The summer I spent working at a major men’s health and lifestyle magazine which shall go unnamed was the summer I got over the fear of seeing my coworkers in spandex. (And, yes, vice versa.) At least I thought it was.

That’s not to say I particularly enjoyed jogging on a treadmill at the office gym next to a dripping, grunting, 11-miles-per-hour-sprinting editor who, an hour later, would hand me one of my stories covered in red pen.

But in an office where health is business, both personally and professionally, and where overhearing reporters on the phone with urologists discussing certain apparatuses that may or may not enlarge certain parts of one’s anatomy was "normal", I sort of got used to it. We worked health, and we lived health. And spandex = health.

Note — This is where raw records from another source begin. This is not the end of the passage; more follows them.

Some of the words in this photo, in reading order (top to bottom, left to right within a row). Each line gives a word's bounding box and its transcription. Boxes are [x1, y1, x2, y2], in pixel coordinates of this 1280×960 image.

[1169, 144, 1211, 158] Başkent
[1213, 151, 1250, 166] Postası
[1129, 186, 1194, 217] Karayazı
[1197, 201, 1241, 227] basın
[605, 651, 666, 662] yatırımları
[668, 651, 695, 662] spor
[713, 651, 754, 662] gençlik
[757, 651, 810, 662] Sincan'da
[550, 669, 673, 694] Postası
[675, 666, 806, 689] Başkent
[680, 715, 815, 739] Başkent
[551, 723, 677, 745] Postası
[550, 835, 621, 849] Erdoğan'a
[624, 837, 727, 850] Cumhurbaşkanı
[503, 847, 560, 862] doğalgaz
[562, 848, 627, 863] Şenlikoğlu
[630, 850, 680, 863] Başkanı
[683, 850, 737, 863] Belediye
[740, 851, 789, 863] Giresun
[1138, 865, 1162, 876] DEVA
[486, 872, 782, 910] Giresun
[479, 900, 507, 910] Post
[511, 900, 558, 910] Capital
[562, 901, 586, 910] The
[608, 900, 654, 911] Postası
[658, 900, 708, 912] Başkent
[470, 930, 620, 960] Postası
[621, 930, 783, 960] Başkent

Fast forward a few years. I now work at a large state government agency. We like healthy people, but it’s not our only focus. Most of my coworkers are my parents’ age. The ladies ooh and ahh over my “fabulous,” “adorable,” “those-can-NOT-be-comfortable” shoes as they look down at their those-are-definitely-comfortable soles.

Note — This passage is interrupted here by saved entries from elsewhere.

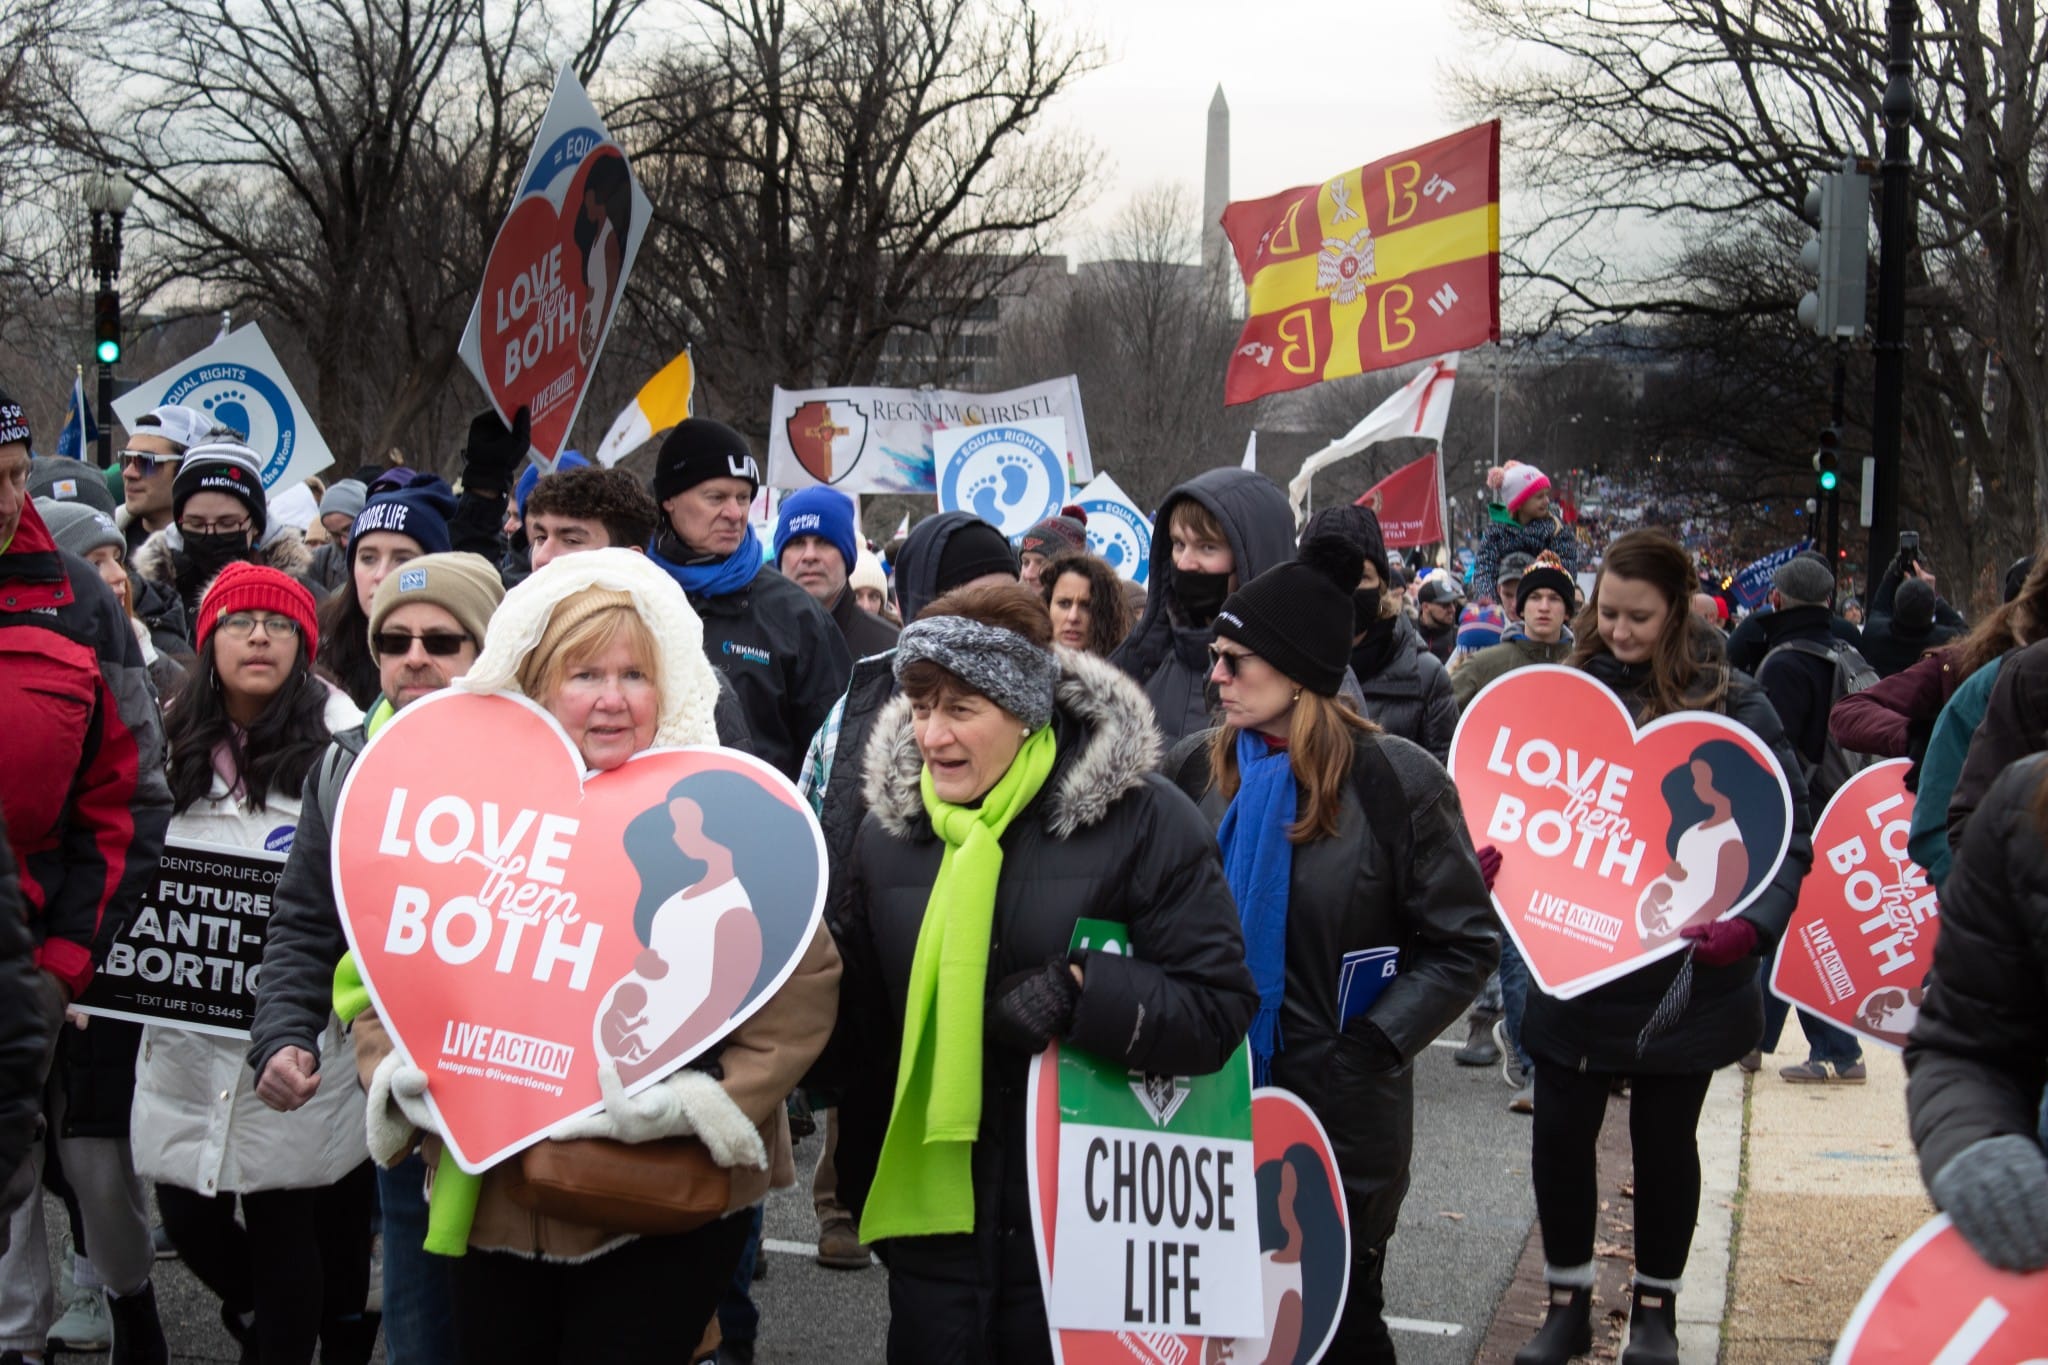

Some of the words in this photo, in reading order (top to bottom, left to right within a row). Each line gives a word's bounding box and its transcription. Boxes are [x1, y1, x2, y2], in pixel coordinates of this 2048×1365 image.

[496, 242, 562, 335] LOVE
[505, 292, 576, 388] BOTH
[168, 379, 199, 407] QUAL
[200, 367, 248, 382] RIGHTS
[531, 383, 551, 416] LIVE
[873, 399, 961, 423] REGNUM
[966, 396, 1051, 425] CHRISTI
[263, 469, 279, 485] the
[273, 429, 291, 467] Womb
[961, 431, 1001, 457] EQUAL
[1004, 430, 1047, 455] RIGHTS
[201, 476, 230, 487] MARCH
[384, 503, 409, 530] LIFE
[1105, 503, 1137, 526] EQUAL
[1133, 522, 1151, 562] RIGHTS
[731, 644, 770, 661] TEKMARK
[1487, 725, 1633, 814] LOVE
[379, 787, 580, 885] LOVE
[1546, 779, 1632, 841] them
[1486, 793, 1647, 887] BOTH
[158, 880, 271, 917] FUTURE
[455, 850, 581, 925] them
[1826, 835, 1916, 977] BOTH
[129, 906, 262, 953] ANTI-
[384, 885, 604, 991] BOTH
[1528, 889, 1568, 923] LIVE
[1566, 902, 1623, 941] ACTION
[1806, 918, 1836, 958] LIVE
[1820, 948, 1856, 1001] ACTION
[136, 994, 161, 1007] TEXT
[164, 999, 187, 1011] LIFE
[190, 1002, 206, 1013] TO
[207, 1005, 243, 1019] 53445
[441, 1020, 492, 1060] LIVE
[488, 1029, 574, 1080] ACTION
[438, 1059, 485, 1077] Instagram:
[485, 1069, 563, 1096] @liveactionorg
[1085, 1136, 1236, 1232] CHOOSE
[1124, 1239, 1202, 1326] LIFE

When the ad for yoga classes popped up on our internal Web site, of course I jumped at the chance to take an hour-long relaxation/exercise (read: bliss) break once a week. It wasn’t until I signed on the dotted line that I started to get a little nervous.

Do I really want to stand behind someone bending over in yoga pants one minute and sit in a meeting with him/her the next? And, more importantly, does he/she want to have a front-row seat of my downward-facing dog…and then edit my press release?

Especially in an atmosphere where we don’t eat, sleep and breathe health and fitness (or, unfortunately, taste-test protein shakes, ride little bikes around the office and have Nerf machine gun fights), I’m getting a little nervous for Thursday yoga to begin.

My strategy will be this: Choose baggy pants, stare straight ahead and use it as a networking opportunity as I try to do with everything around here.

Question is whether anyone will want to hire me after they see my sad, sad chaturanga.

How do you feel about working out with coworkers? Good idea? Bad idea? There must be some good stories out there!

Thanks to Andrea Fregnani for the fab photo (which I hope was taken at work).

1 comments:

ken said...

We had a company-wide scavenger hunt outdoors on a 92-degree day the summer before last.

By the time we finished, all drenched and trying to cool down by drinking anything in sight, we had bonded pretty well (or maybe we were just stuck to each other). So it made for great work relationships.